I still have 'Cod' lying around, will pack it in my summer book bag.

Le Bateau Ivre, Monday, 22 July 2019 10:20 (four years ago) link

Kurlansky's fiction collection, 'The White Man in the Tree', is very enjoyable.

I must be 2/3 through HOPSCOTCH, in terms of actual pages. They are taking over a mental asylum for some reason. No great logic apparent to this. All somewhat reminiscent of Pynchon.

the pinefox, Wednesday, 24 July 2019 10:57 (four years ago) link

And Paul Mason for light relief. It is somewhat bizarre how this book swings between specific accounts of US business people and politics, and the nature of knowledge and metaphysics over the past few millennia.

He may have bitten off a bit more souvlaki than he could chew.

the pinefox, Wednesday, 24 July 2019 15:43 (four years ago) link

it's not hard to see why it's his most well-known book, but it's not my favorite or his best imo.

Οὖτις, Wednesday, 24 July 2019 15:44 (four years ago) link

tbc, I do like it, I just like other stuff of his more

Οὖτις, Wednesday, 24 July 2019 15:45 (four years ago) link

I tried reading Hopscotch in college but I was too depressed & lazy to get very far. On the other hand, the very short story "The Continuity of Parks" is stellar.

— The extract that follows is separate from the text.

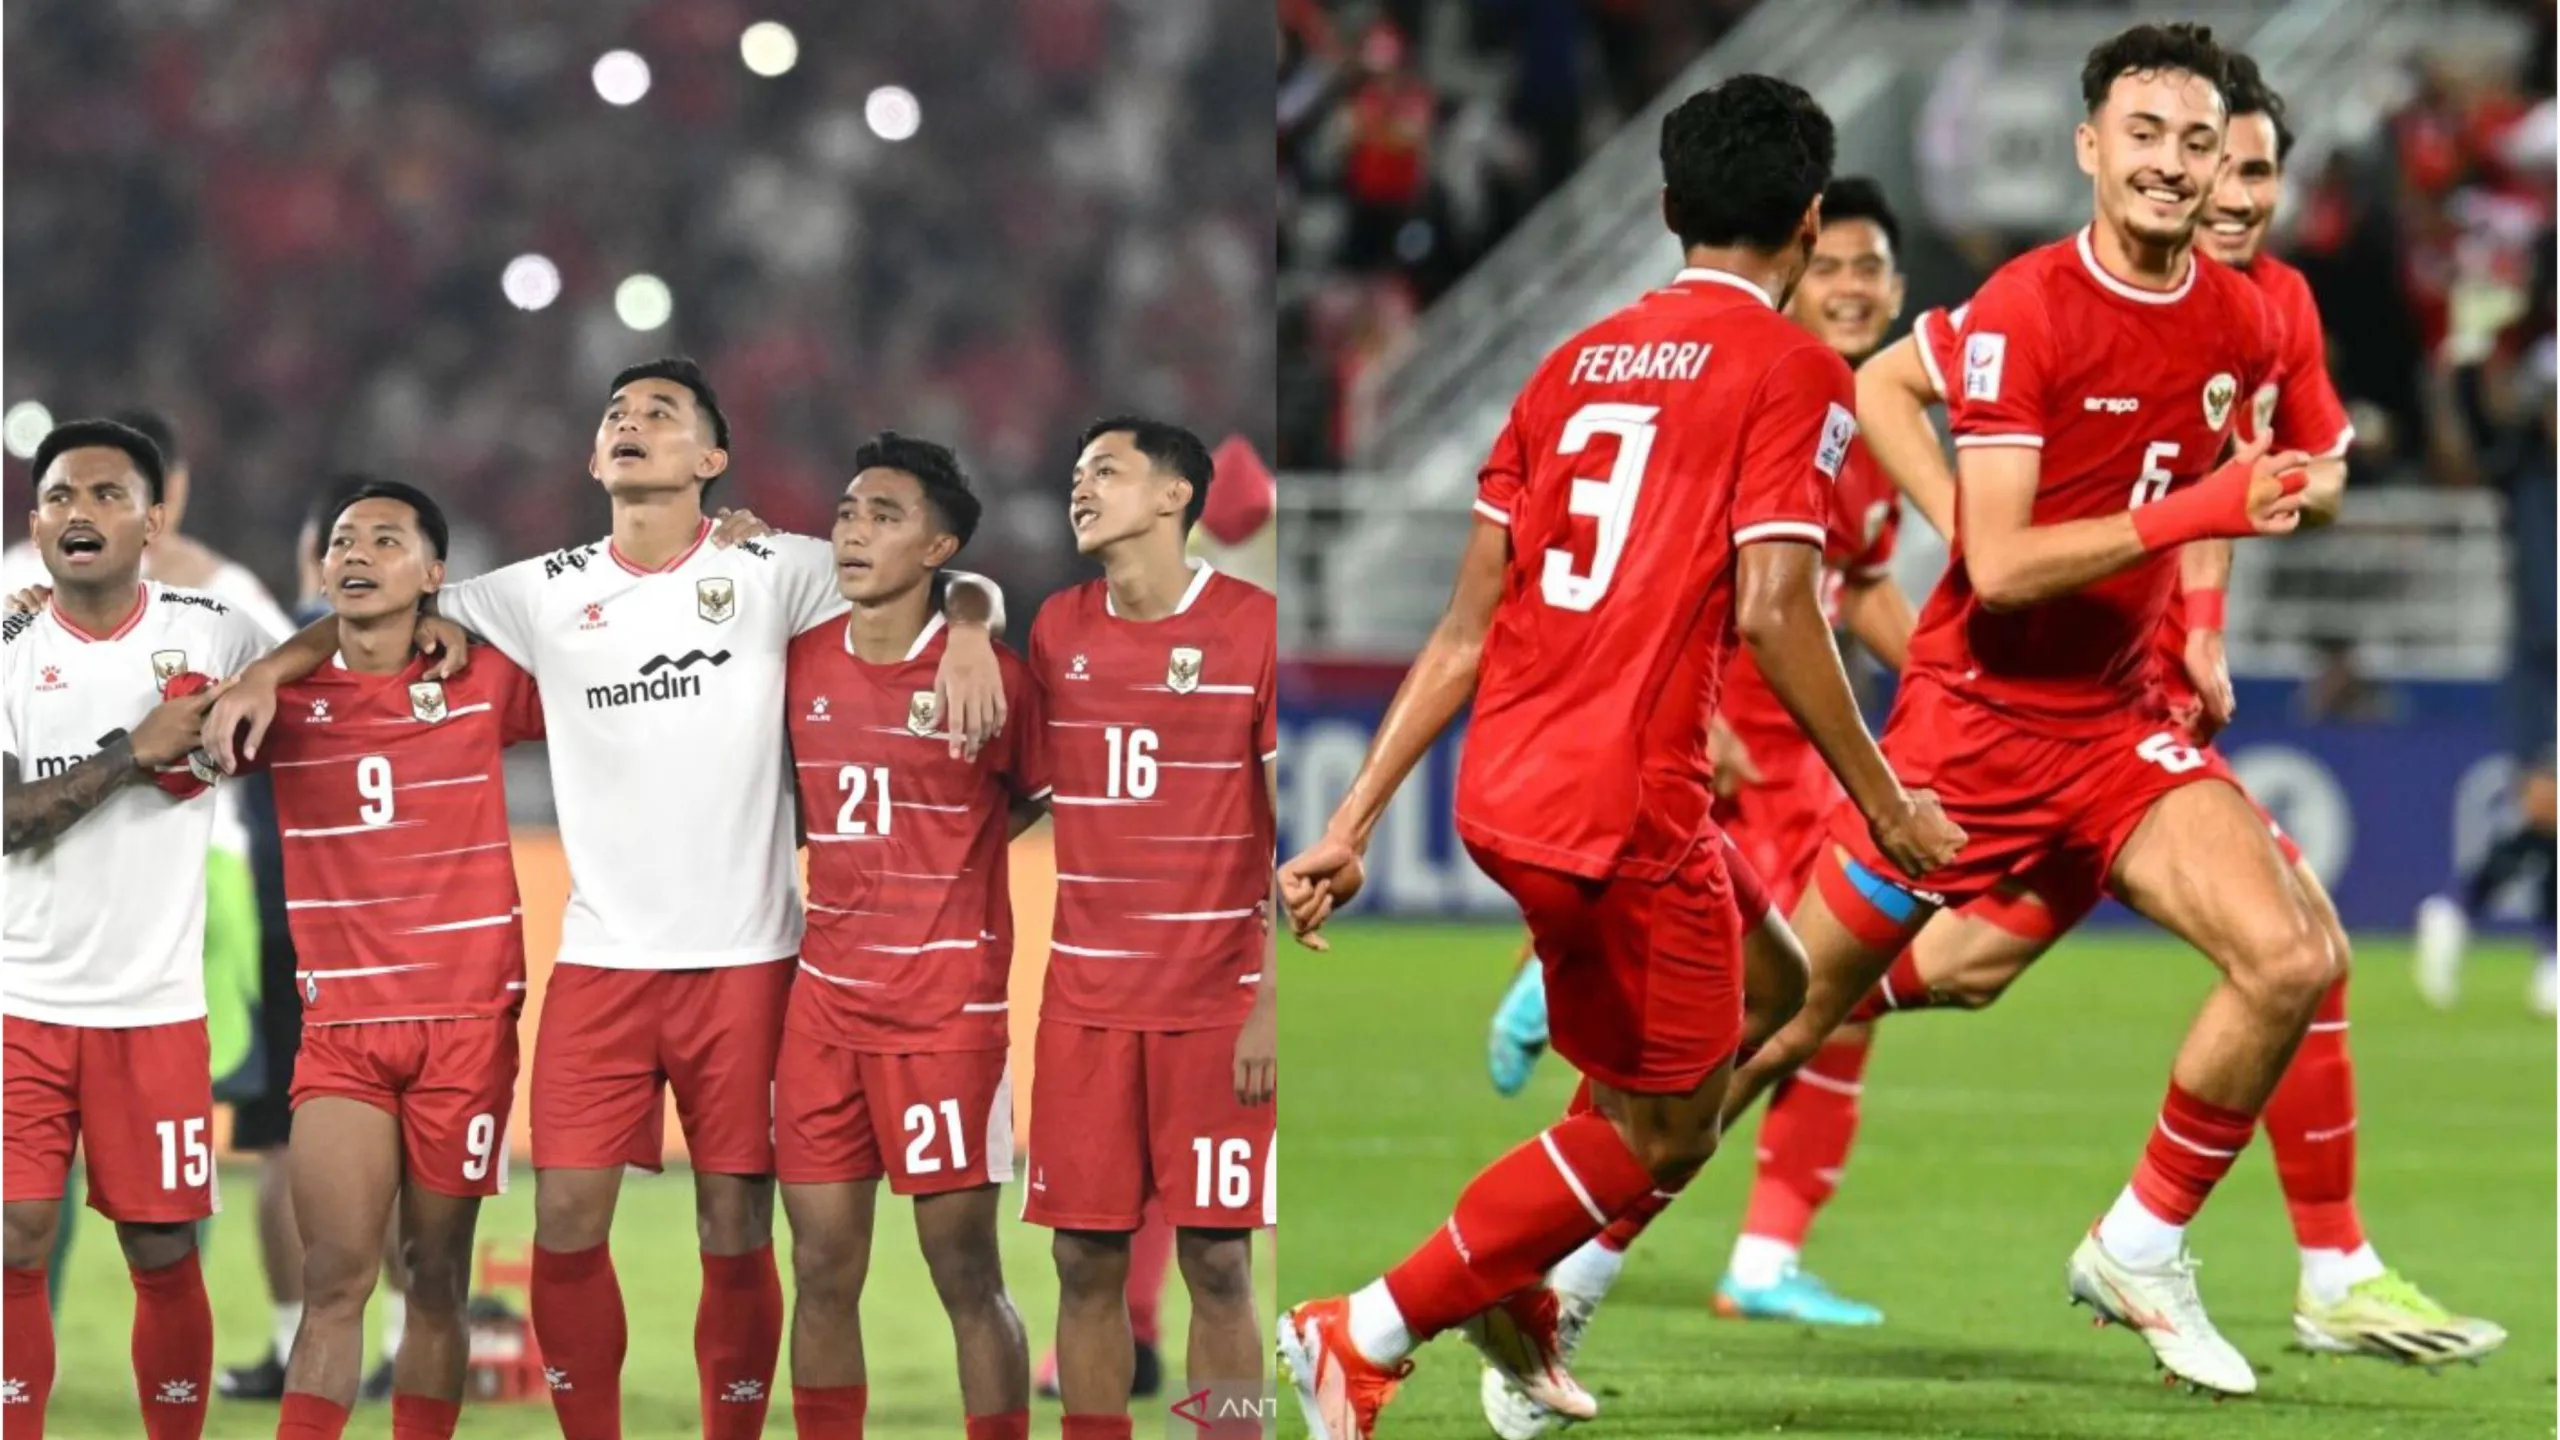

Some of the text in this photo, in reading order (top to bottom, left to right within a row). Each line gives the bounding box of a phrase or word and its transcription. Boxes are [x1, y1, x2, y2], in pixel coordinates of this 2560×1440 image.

president of deluded fruitcakes anonymous (silby), Wednesday, 24 July 2019 16:04 (four years ago) link

anyway reading Mammother by Zachary Schomburg, the first novel by my fav contemporary poet. Surreal but not nonsensical, very moody and sad.

president of deluded fruitcakes anonymous (silby), Wednesday, 24 July 2019 16:04 (four years ago) link

Cortazar works that are better than Hopscotch:

- Axolotl (short story, my favorite piece of his)
- Cronopios and Famas (this is his best imo)
- The Continuity of Parks (short story)
- Save Twilight (poetry collection)
- House Taken Over (short story)
- Around the Day in 80 Worlds (collection of short pieces)

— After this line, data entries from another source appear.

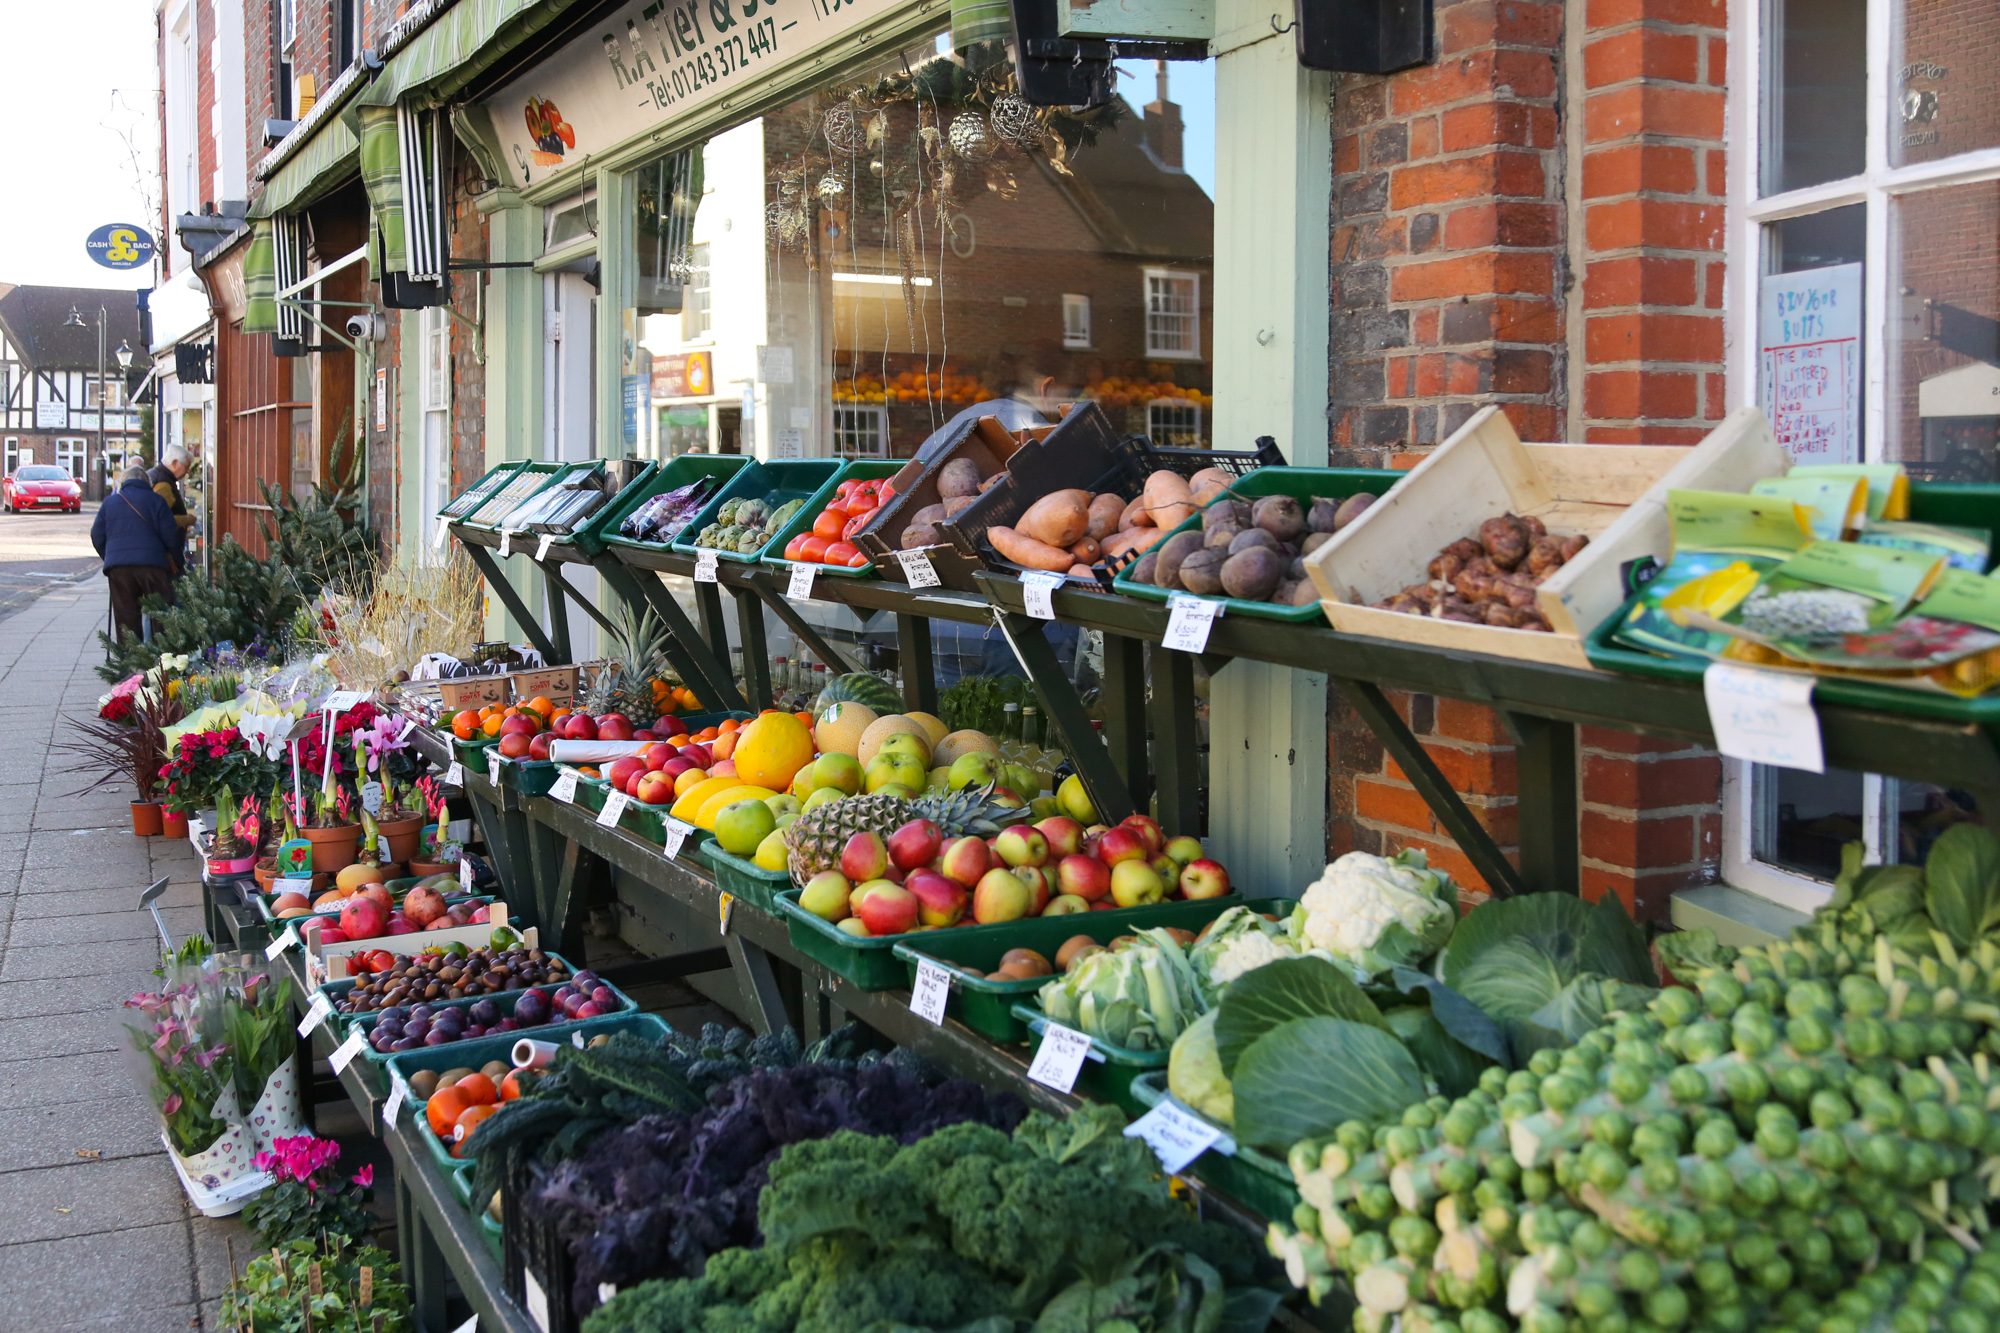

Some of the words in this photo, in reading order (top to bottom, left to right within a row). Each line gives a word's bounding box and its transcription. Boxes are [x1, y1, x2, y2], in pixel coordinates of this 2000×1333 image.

[646, 74, 676, 111] Tel:
[672, 52, 718, 99] 01243
[714, 35, 749, 77] 372
[748, 16, 777, 59] 447
[87, 241, 108, 249] CASH
[1783, 314, 1824, 342] BUTTS

Οὖτις, Wednesday, 24 July 2019 16:20 (four years ago) link

i tried Anciallary Mercy after liking Justice and disliking Sword and... i couldn't get into it. after the 20th use of 'impassive' i just checked out.

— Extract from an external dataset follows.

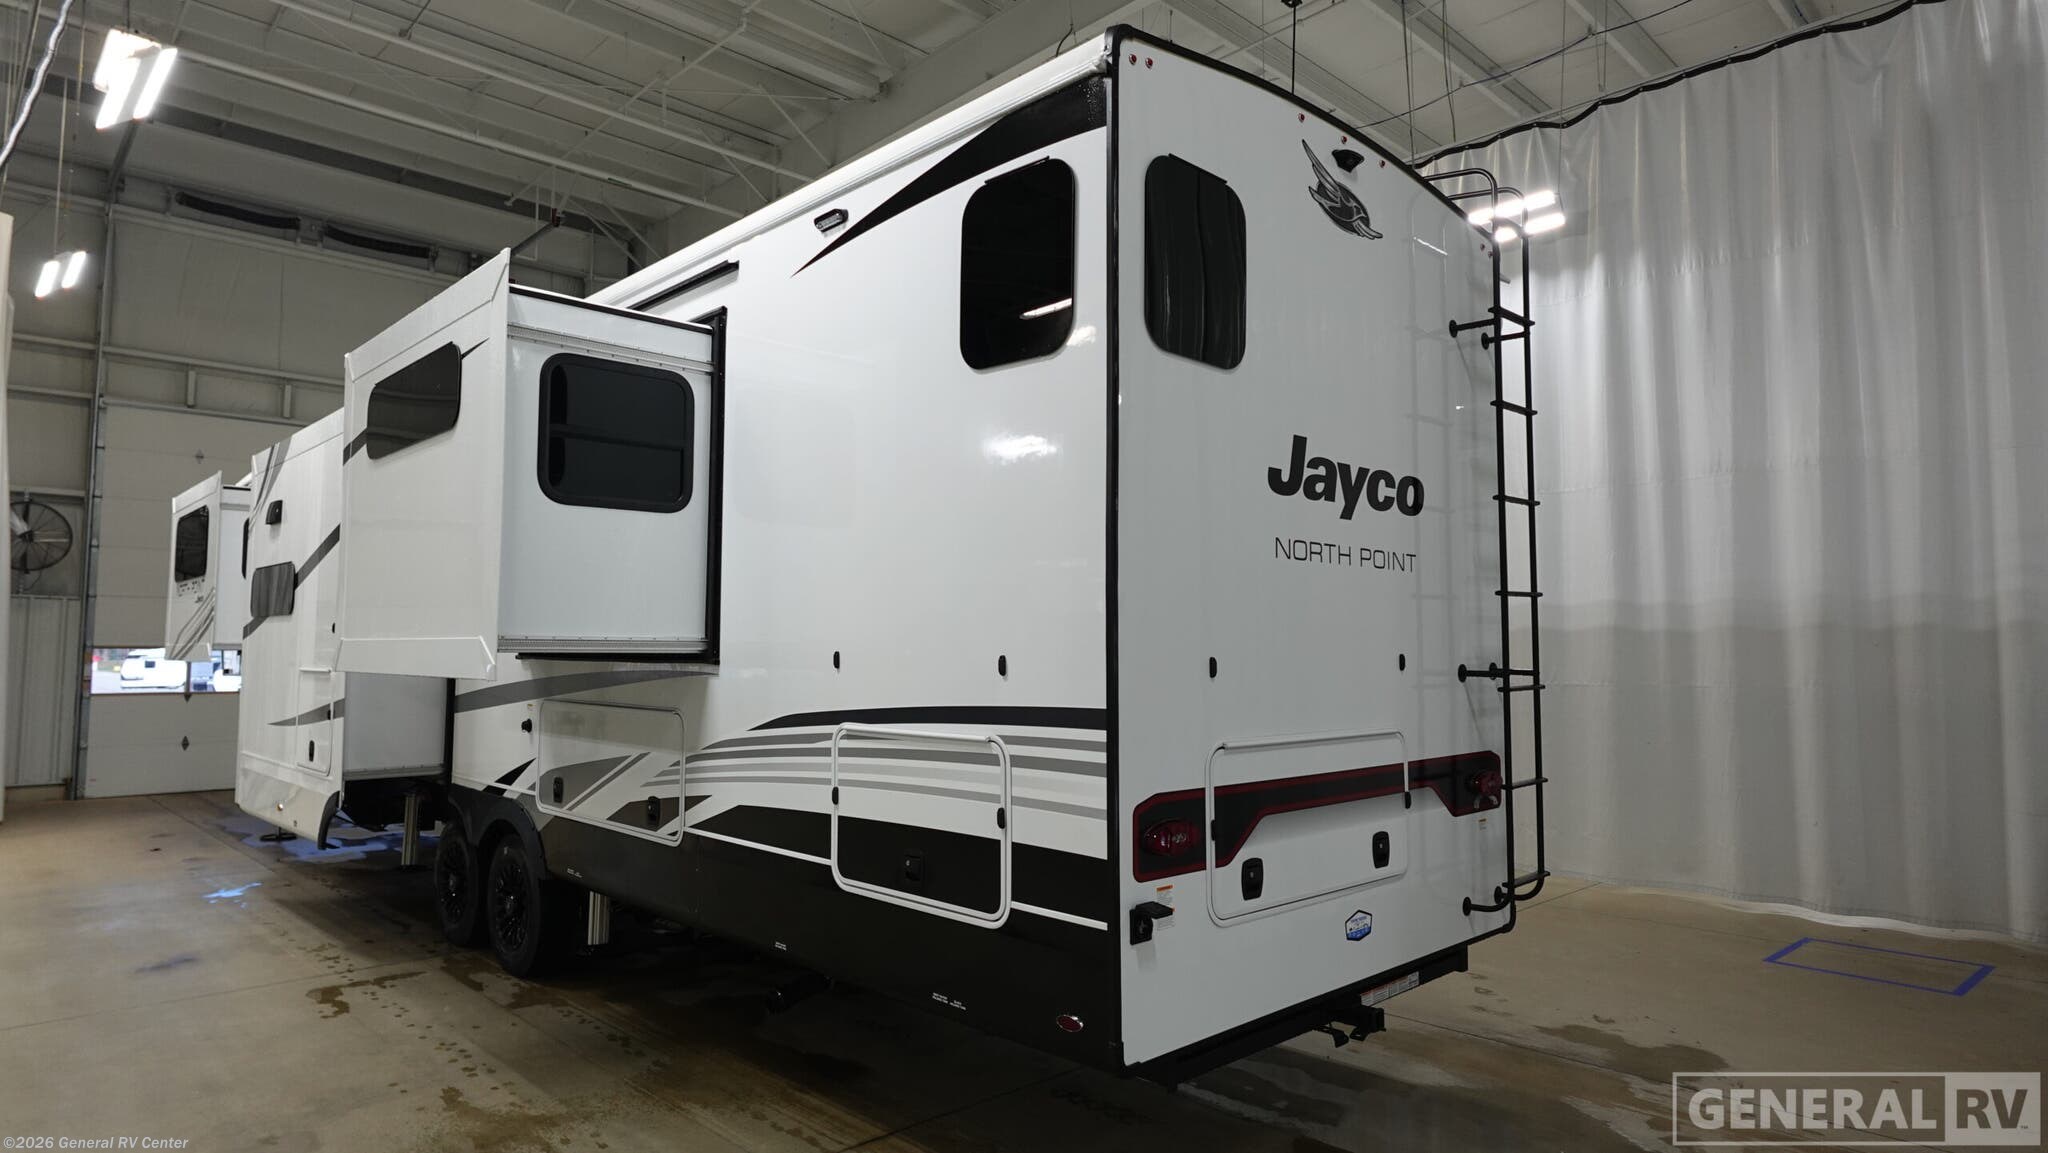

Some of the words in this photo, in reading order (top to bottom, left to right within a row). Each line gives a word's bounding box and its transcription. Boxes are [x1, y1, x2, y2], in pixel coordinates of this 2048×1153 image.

[1267, 434, 1425, 521] Jayco
[1275, 536, 1352, 566] NORTH
[1359, 547, 1417, 573] POINT

i tried Black Leopard, Red Wolf and i couldn't really get into that either. something about the gratuity, idk.

i'm now giving Traitor Baru Cormorant a shot and it's ok but half hear it as someone giving me an elaborate narration of their last catan game or something. so i'm not doing well with well-reviewed sci-fantasy recently.

somewhere in there i read The Uninhabitable Earth (Wallace-Wells) and A Sport and a Pastime (Salter) which were both amazing and terrifying in different ways. i mean, we're fucked, is how i break it down to an extent.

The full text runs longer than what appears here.